A year plus ago I had the good fortune to attend a conference featuring three greats: Christopher Vogler, James Scott Bell, and Donald Maass. I already had books by each one of them, and I carried my copies along for their signatures. One of these is my well-used copy of Maass’s WRITING THE BREAKOUT NOVEL WORKBOOK. He signed it, “Tension on every page!”
In my previous posts I’ve talked about tension and conflict at the most general levels of plot. Maass takes this position: there can’t be too much tension in a novel. As a result, he’s a firm believer in adding tension in every chapter, to every scene, on every page.
To do this he suggests that you randomly turn to any page of your manuscript, select any line at random, and heighten the tension in that line.
Do this on every page of your manuscript until you’ve got the kind of tension that results in a can’t-put-down read. Hard work? You bet.
But let’s look at, first, how little one needs to do, and, second, how hugely it pays off.
I opened THE HUNGER GAMES to a random page, and here’s what I read: “My eyes squint as they try to penetrate the tree next to me, but I can’t make out Rue. Since she tipped me off, it seems only fair to warn her. Besides, if I’m going to die today, it’s Rue I want to win.”

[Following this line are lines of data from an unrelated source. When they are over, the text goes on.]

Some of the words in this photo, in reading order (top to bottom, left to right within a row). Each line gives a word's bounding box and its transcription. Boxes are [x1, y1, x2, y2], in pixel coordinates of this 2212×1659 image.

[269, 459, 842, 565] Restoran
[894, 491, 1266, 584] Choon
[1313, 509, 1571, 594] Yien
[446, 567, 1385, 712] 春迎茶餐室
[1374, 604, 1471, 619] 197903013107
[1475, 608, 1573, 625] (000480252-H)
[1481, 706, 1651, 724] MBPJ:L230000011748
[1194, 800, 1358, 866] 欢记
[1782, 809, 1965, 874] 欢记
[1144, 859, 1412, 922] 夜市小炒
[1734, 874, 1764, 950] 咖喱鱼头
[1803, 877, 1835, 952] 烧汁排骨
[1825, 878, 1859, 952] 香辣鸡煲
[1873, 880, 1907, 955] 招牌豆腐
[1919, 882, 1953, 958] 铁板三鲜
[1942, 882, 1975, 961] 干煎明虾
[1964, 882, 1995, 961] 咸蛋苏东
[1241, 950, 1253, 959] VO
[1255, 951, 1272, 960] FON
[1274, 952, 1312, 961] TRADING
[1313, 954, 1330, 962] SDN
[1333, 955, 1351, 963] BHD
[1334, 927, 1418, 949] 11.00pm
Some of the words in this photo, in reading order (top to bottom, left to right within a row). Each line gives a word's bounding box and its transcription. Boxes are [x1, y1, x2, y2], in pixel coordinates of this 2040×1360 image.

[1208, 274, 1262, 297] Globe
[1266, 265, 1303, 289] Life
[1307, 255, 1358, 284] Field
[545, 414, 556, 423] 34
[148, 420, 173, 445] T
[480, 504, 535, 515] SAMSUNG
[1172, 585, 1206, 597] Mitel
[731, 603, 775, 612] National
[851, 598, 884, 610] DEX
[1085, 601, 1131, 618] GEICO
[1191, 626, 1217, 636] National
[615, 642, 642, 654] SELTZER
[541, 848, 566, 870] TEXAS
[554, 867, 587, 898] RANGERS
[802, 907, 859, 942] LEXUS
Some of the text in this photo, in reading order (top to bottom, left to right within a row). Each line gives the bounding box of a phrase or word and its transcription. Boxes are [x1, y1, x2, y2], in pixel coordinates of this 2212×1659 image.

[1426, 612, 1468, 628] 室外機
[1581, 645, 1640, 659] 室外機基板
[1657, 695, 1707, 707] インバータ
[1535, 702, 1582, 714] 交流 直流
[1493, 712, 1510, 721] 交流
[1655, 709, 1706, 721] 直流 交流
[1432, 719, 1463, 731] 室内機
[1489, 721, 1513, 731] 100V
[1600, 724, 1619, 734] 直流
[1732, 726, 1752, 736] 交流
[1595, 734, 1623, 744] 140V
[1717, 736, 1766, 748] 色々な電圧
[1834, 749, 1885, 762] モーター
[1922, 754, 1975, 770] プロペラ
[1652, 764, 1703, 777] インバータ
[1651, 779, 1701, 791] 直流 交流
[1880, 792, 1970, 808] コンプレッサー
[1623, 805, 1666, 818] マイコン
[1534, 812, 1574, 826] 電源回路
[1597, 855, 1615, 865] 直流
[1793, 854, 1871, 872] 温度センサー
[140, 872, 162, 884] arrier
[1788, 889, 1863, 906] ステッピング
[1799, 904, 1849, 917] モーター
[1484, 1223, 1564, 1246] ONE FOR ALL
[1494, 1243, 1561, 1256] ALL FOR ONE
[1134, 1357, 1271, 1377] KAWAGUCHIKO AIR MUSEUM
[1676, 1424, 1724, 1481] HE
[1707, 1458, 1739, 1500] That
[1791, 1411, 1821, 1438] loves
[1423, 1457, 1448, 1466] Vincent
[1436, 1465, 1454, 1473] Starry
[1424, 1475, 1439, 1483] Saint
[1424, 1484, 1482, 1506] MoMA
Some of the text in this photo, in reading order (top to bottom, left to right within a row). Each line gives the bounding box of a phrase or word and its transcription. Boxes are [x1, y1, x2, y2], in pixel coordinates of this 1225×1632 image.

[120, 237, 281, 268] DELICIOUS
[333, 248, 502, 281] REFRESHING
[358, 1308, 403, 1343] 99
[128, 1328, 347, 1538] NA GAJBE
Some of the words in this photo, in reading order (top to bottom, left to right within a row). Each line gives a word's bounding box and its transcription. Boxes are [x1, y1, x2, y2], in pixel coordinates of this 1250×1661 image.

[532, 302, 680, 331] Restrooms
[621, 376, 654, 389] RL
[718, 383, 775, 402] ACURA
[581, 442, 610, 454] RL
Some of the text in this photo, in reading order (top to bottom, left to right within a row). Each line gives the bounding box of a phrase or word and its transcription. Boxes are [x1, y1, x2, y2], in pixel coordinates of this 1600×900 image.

What does Collins do, in this tiny snippet, that is immediately riveting? Let’s look at the verbs: squint, penetrate, tipped, warn, die, win. Each one calculated to be extreme, and to suggest that Katniss is on the edge, unable to fully view the outcome. In addition, Collins doesn’t let up on the physical death stakes: “…I’m going to die today…”
Just to round things out, this paragraph concludes: “Even if it means a little extra food for my family, the idea of Peeta being crowned victor is unbearable.”
Unbearable! Even if her family would get something out of it Katniss is utterly unwilling to tolerate the success of her friend turned ally turned enemy. With extreme internal thoughts and pointed external behaviors in every sentence, Collins does not let her readers off the hook for a second.
If you still doubt the importance of this, take any page of your manuscript right now, and change nothing but the vocabulary. If you have called someone “charming”, change him to “irresistible.” If your character “asks” for something, have them “demand” it. Heighten just the vocabulary and after one paragraph I guarantee you’ll finish the page and then the scene.
Do the same with internal emotional responses, and you’ll be on your way. Yes, it will take time, but you’ll be delighted – no, thrilled – with the results.